#### Task directions:
All entries below must be written out verbatim, and the images must be dropped.

Data items

-----

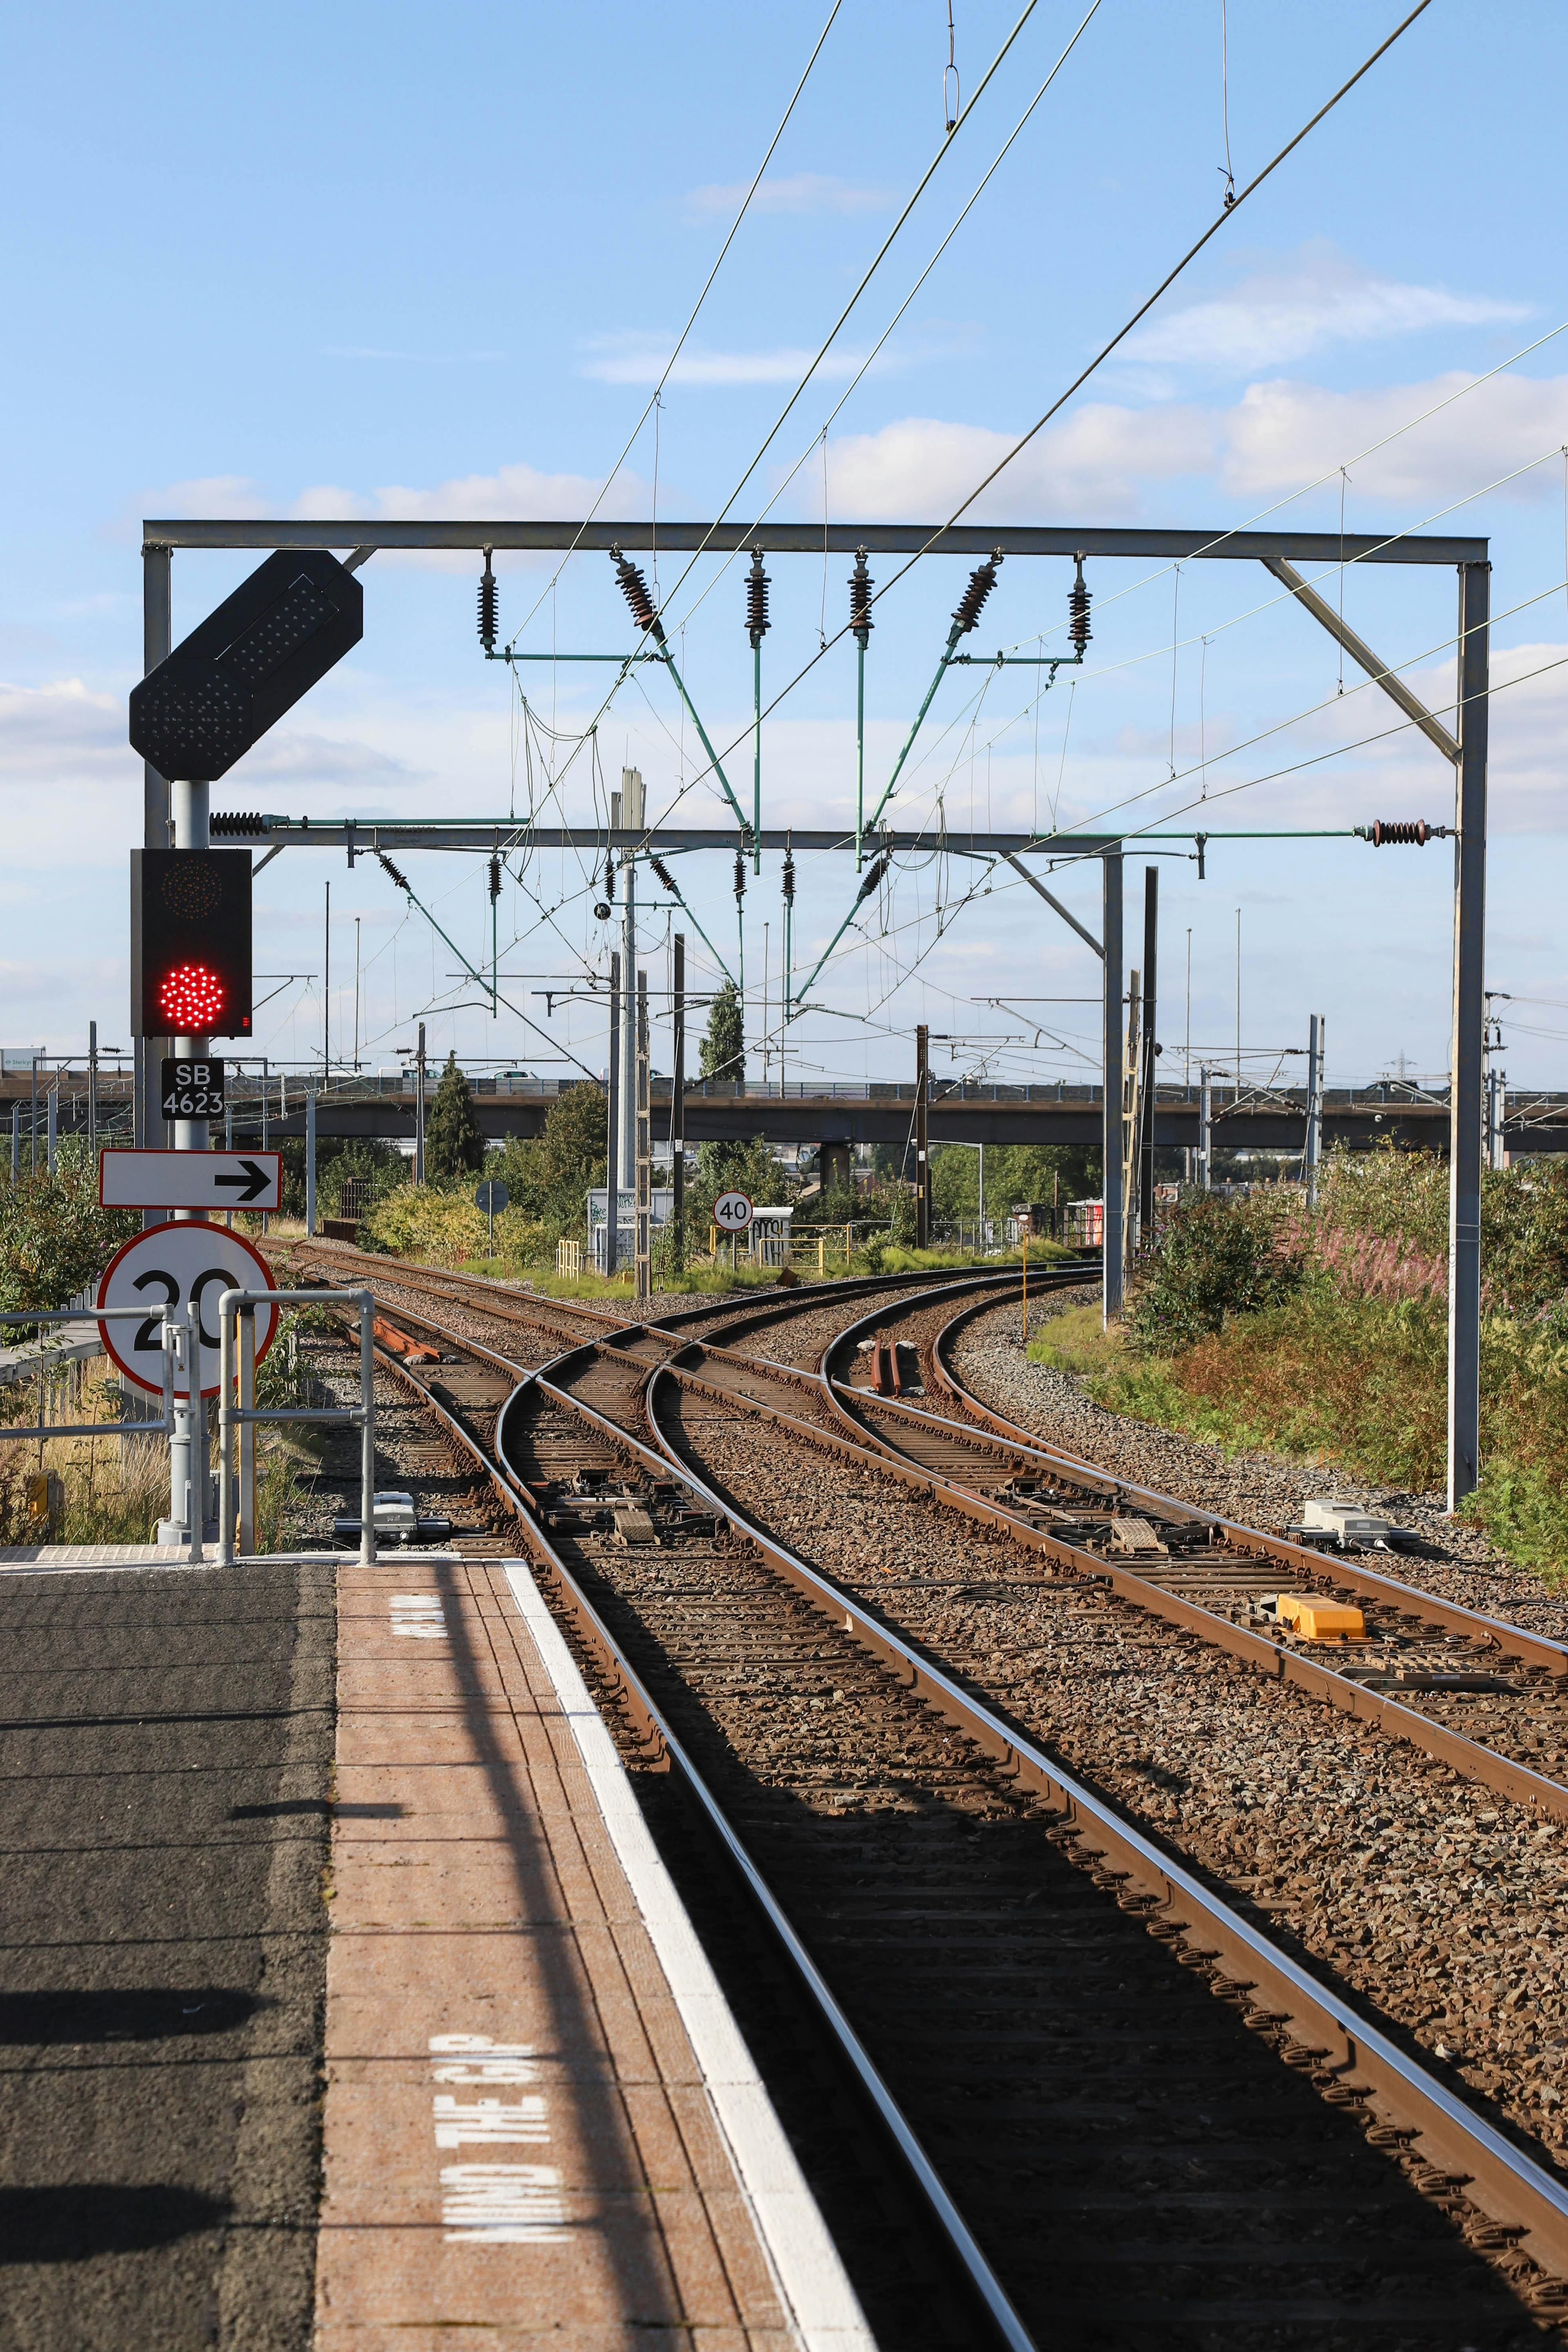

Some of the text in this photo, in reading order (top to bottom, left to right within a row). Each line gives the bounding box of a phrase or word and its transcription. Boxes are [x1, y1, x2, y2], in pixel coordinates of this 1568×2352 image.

[176, 1064, 210, 1086] SB
[163, 1092, 223, 1114] 4623
[720, 1201, 747, 1220] 40
[132, 1268, 240, 1351] 20
[390, 1610, 445, 1622] THE
[428, 2034, 576, 2243] MIND THE GAP
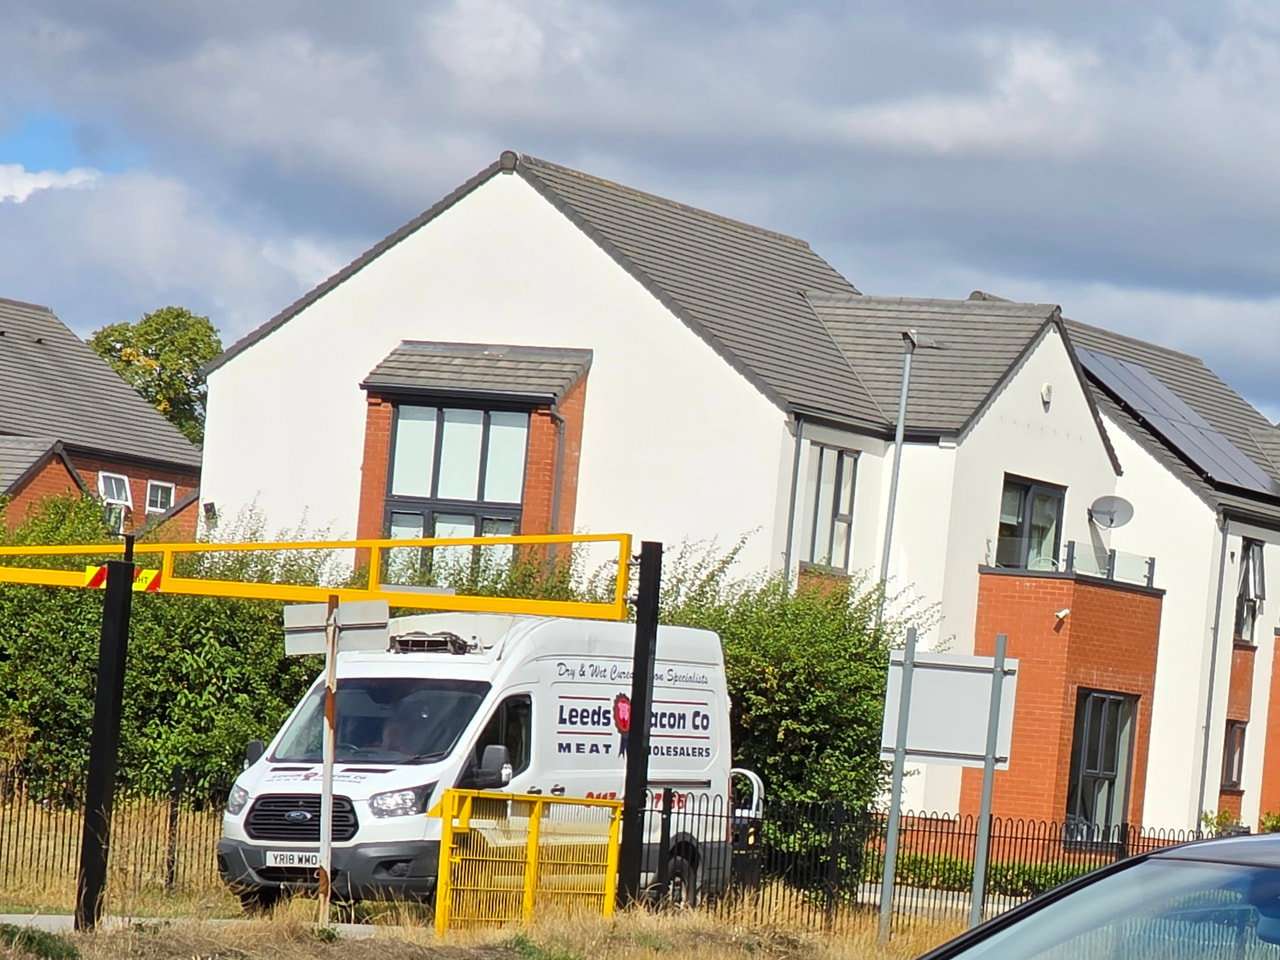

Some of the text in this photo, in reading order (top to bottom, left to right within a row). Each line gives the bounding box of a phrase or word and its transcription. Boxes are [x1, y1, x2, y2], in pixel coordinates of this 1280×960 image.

[557, 662, 575, 680] Dry
[579, 663, 586, 677] &
[589, 664, 607, 678] Wet
[558, 705, 710, 731] Leeds acon Co
[557, 742, 612, 754] MEAT

-----

#### Exercise output:
Some of the text in this photo, in reading order (top to bottom, left to right within a row). Each line gives the bounding box of a phrase or word and its transcription. Boxes are [x1, y1, x2, y2], in pixel coordinates of this 1568×2352 image.

[176, 1064, 210, 1086] SB
[163, 1092, 223, 1114] 4623
[720, 1201, 747, 1220] 40
[132, 1268, 240, 1351] 20
[390, 1610, 445, 1622] THE
[428, 2034, 576, 2243] MIND THE GAP

Some of the text in this photo, in reading order (top to bottom, left to right within a row). Each line gives the bounding box of a phrase or word and its transcription. Boxes are [x1, y1, x2, y2], in pixel coordinates of this 1280×960 image.

[557, 662, 575, 680] Dry
[579, 663, 586, 677] &
[589, 664, 607, 678] Wet
[558, 705, 710, 731] Leeds acon Co
[557, 742, 612, 754] MEAT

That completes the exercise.